Счастье было сильным, но мимолетным, потому что ночью все полетят на Крит, кроме меня. В сумке вообще все мое имущество: билеты на Крит, по Греции, на Москву обратно, паспорт, все документы и вся фотоаппаратура, которая была по тем временам очень хорошая. Все, я — никто, я вообще никто.
И мы разделились. Володя Сарабьянов отправился чего-то искать, мы две пожилые дамы ждем на остановке, когда троллейбус опишет круг и вернется сюда. Во всех проходящих троллейбусах, во-первых, мы надеемся узнать шофера, во-вторых, — спросить, где тот, в котором мы оставили сумку. Аховая ситуация, конечно, совершенно. Ситуацию спасла Ольга Этингоф. Она как-то сообразила, что надо идти в полицию. И узнала, что есть такая круглосуточная полиция, которая занимается иностранцами, и там прекрасно говорят по-английски.

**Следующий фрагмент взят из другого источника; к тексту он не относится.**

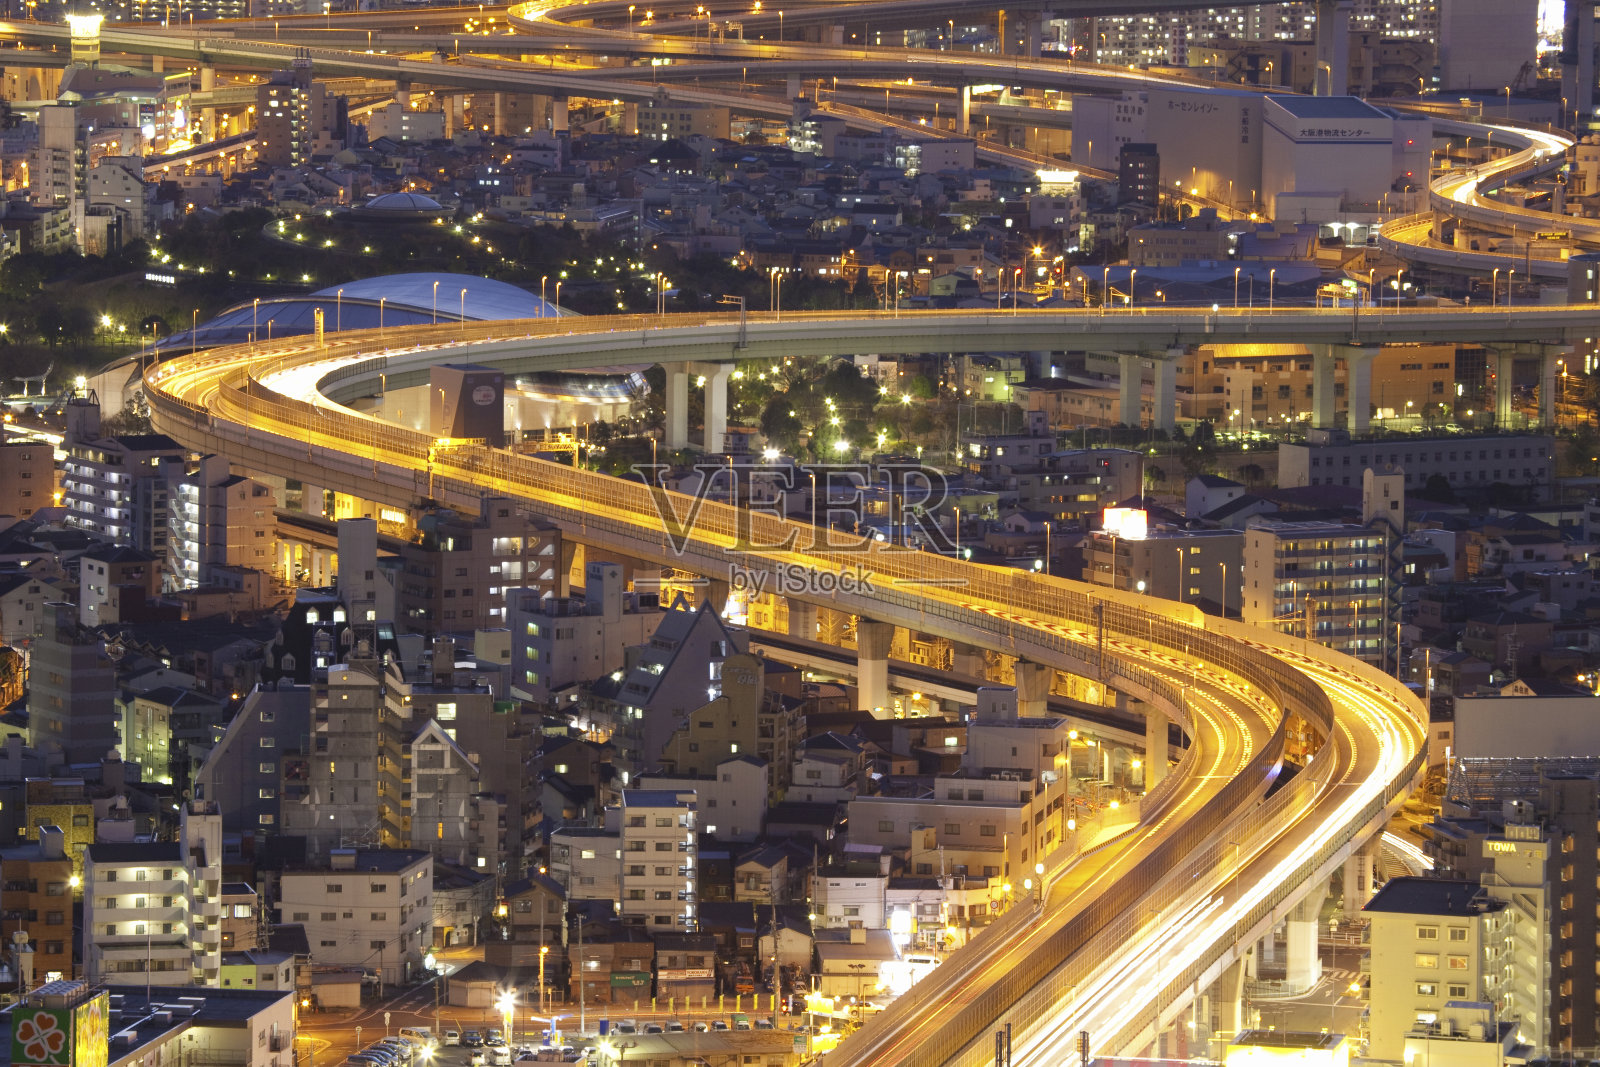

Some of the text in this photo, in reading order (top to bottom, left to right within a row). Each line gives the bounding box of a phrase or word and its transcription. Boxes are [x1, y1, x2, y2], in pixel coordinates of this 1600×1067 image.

Полиция выяснила, что этот троллейбус на остановку не придет, потому что у него кончились рейсы, и он будет отдыхать до утра. И Оля схватила такси и помчалась на ночлег троллейбусов. Да, в полиции предупредили: будить шофера нельзя. Его сон, его отдых — это священно. Он сегодня спит, его нельзя разбудить. Она примчалась туда, где стоят все спящие троллейбусы и взмолилась, видимо, рассказала сюжет тем, кто там дежурил, — и они открыли. Они открыли, сумка стояла нетронутой.
Большая такая кожаная, из тонкой кожи, раздувшаяся от вещей сумка. Теперь подумайте, сколько в нашем троллейбусе времени простояла бы эта одинокая сумка, набитая прекрасными товарами? Оля схватила эту сумку, примчалась в аэропорт уже. И мы туда горестно приехали — не было же мобильных телефонов, и я не знала, что сумка найдена. Я уже для себя выработала план, что пойду в греческую патриархию сдаваться. Скажу, что вот так и так, я русская, православная, попала в такой переплет: документов нет, денег нет, ничего нет, а все мои коллеги на Крите. Думаю, ну не выгонят они меня на улицу. Но это не понадобилось, к счастью.
Вот так я впервые увидела то, чему меня учили в университете. У меня было состояние шока, просто шок, конечно. Я при этом кричала на весь троллейбус, что Парфенон.